Development and validation of HPTLC method for simultaneous estimation of bioactive components in combined extracts of three hepatoprotective plants

Abstract

Picroside-I, andrographolide and silybin exhibit manifold biological activities, present as bioactive components in Picrorhiza kurroa (roots), Andrographis paniculata (aerial parts) and Silybum marianum (seeds), respectively. A validated HPTLC method was developed for the simultaneous determination of picroside-I, andrographolide and silybin in the combined hydroalcoholic extract of the plants as per ICH guidelines. On silica gel F254 HPTLC plates, the combined hydroalcoholic extract of plants and standard solutions were applied. The plates were run in twin chamber consisting n-butanol: glacial acetic acid: water (6:1:3, v/v/v) as a mobile phase and documented at 254 and 366 nm using Camag TLC scanner III with WinCATS software.
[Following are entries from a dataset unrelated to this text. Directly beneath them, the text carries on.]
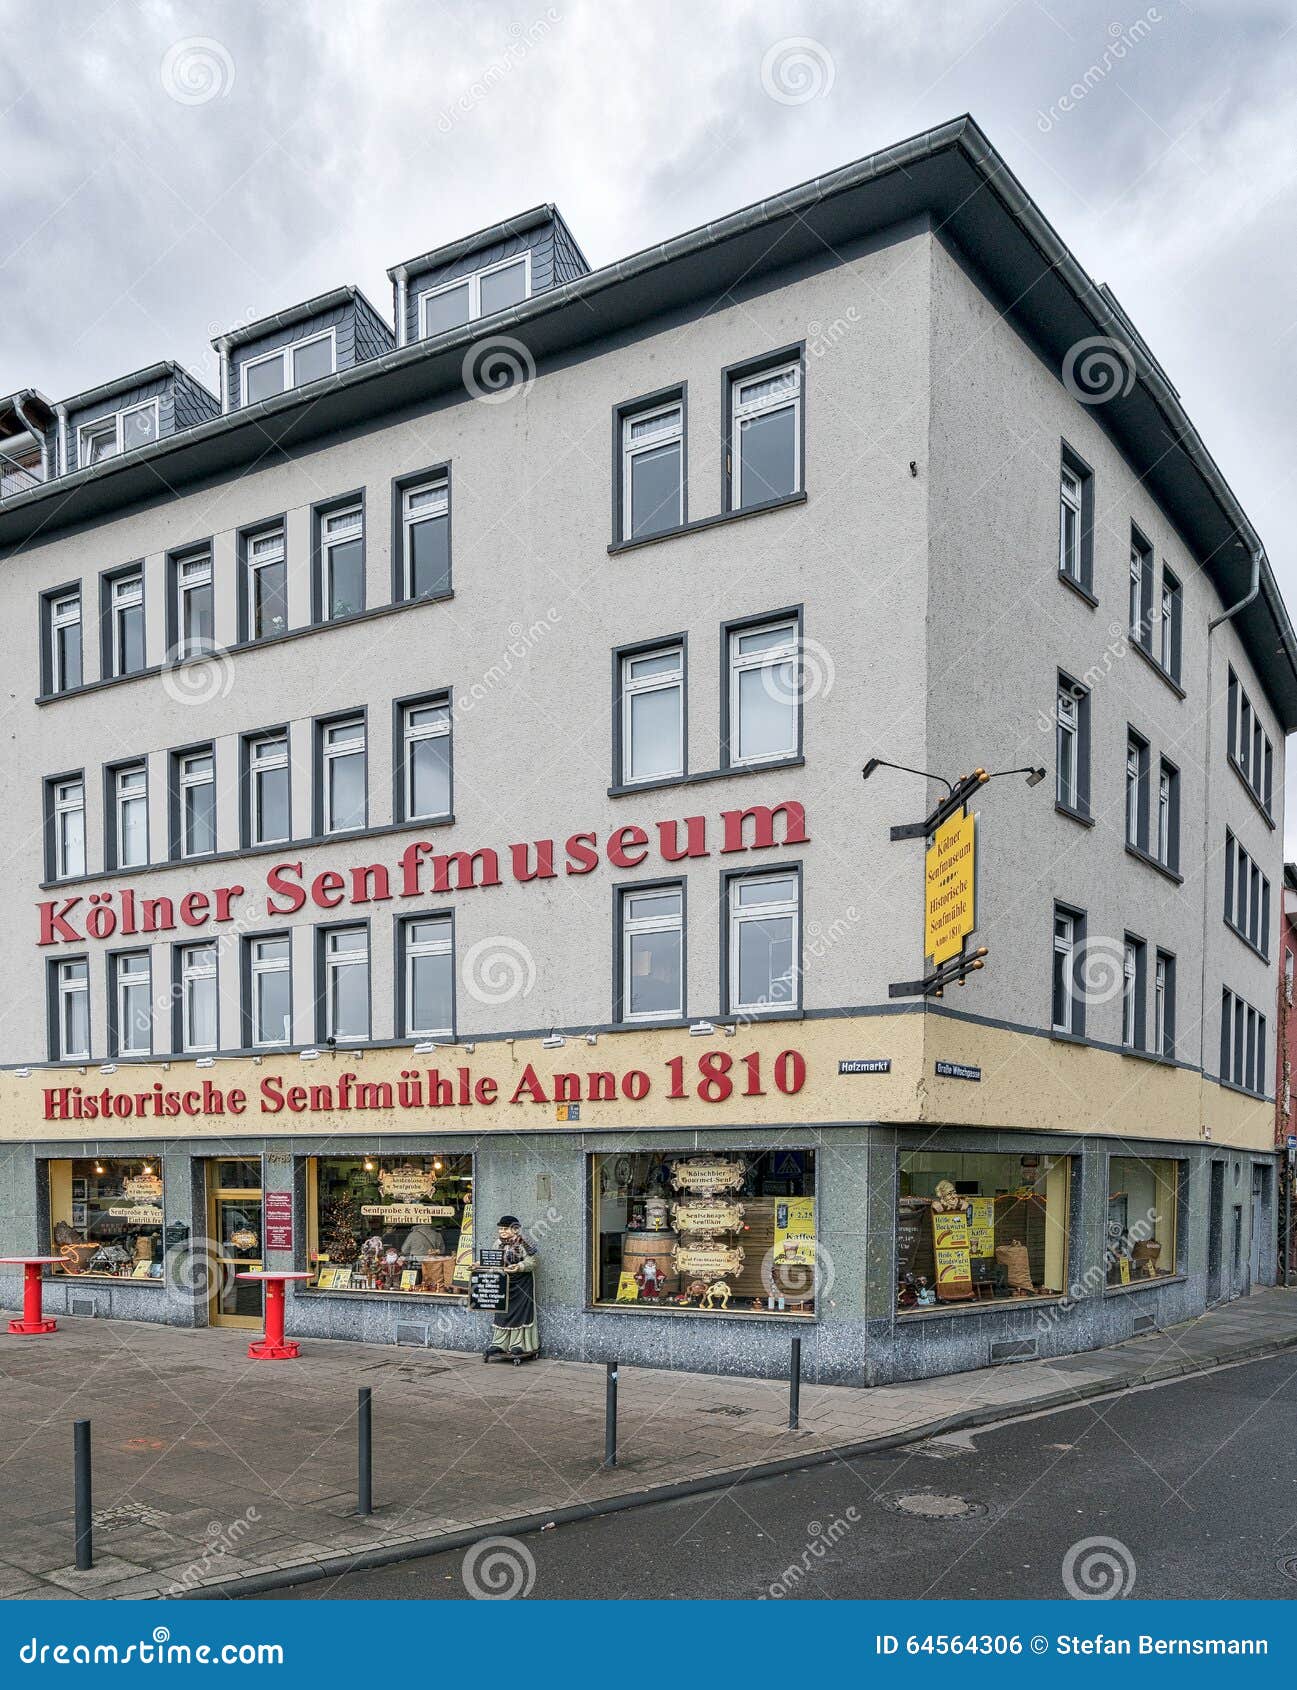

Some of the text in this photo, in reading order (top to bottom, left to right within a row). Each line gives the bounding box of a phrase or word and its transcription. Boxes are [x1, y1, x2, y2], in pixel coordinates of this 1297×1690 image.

[937, 828, 961, 857] Kölner
[35, 800, 811, 946] Kölner Senfmuseum
[928, 841, 972, 884] Senfmuseum
[930, 878, 968, 914] Historische
[930, 901, 967, 934] Senfmühle
[841, 1061, 888, 1072] Holzmarkt
[43, 1049, 807, 1121] Historische Senfmühle Anno 1810
[363, 1206, 402, 1216] Senfprobe
[385, 1215, 430, 1224] Eintritt frei
[786, 1232, 816, 1241] Kaffee
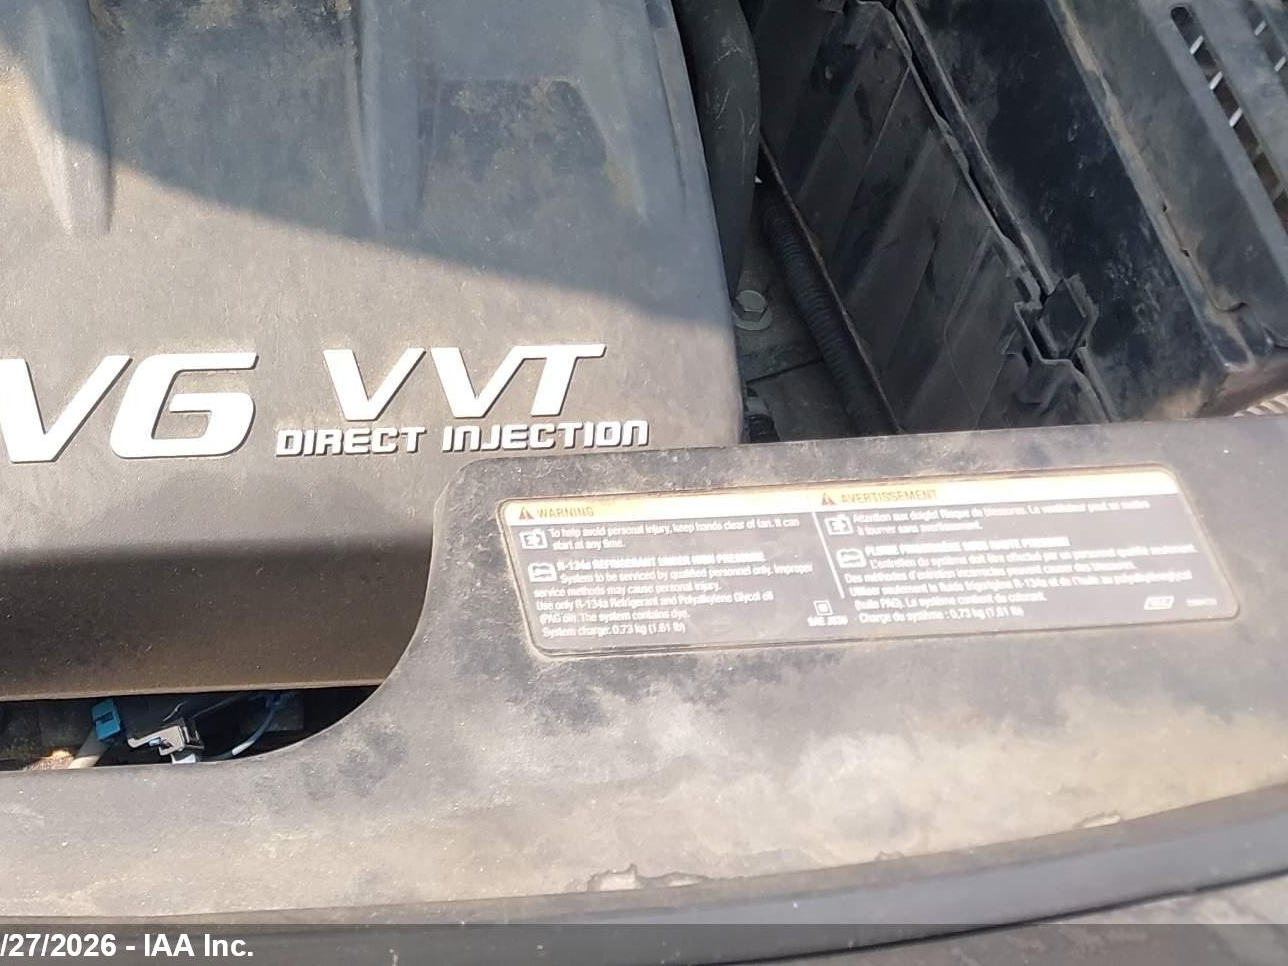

The analysis revealed that a good linear relationship was established between response (peak area) and amount in the range of 60–600 ng/spot. The LOD (ng/spot) and LOQ (ng/spot) for estimation of picroside-I, andrographolide and silybin were found to be 15.089, 21.969, 25.702 and 45.725, 66.573, 77.885, respectively. Recovery experiments showed 97.75–103.74%, 99.75–101.12% and 98.96–101.69% for picroside-I, andrographolide and silybin, respectively. The HPTLC method showed good linearity, recovery and high precision of all the three bioactive components, which can be applied for the routine analysis of polyherbal formulations containing these plants as their ingredients.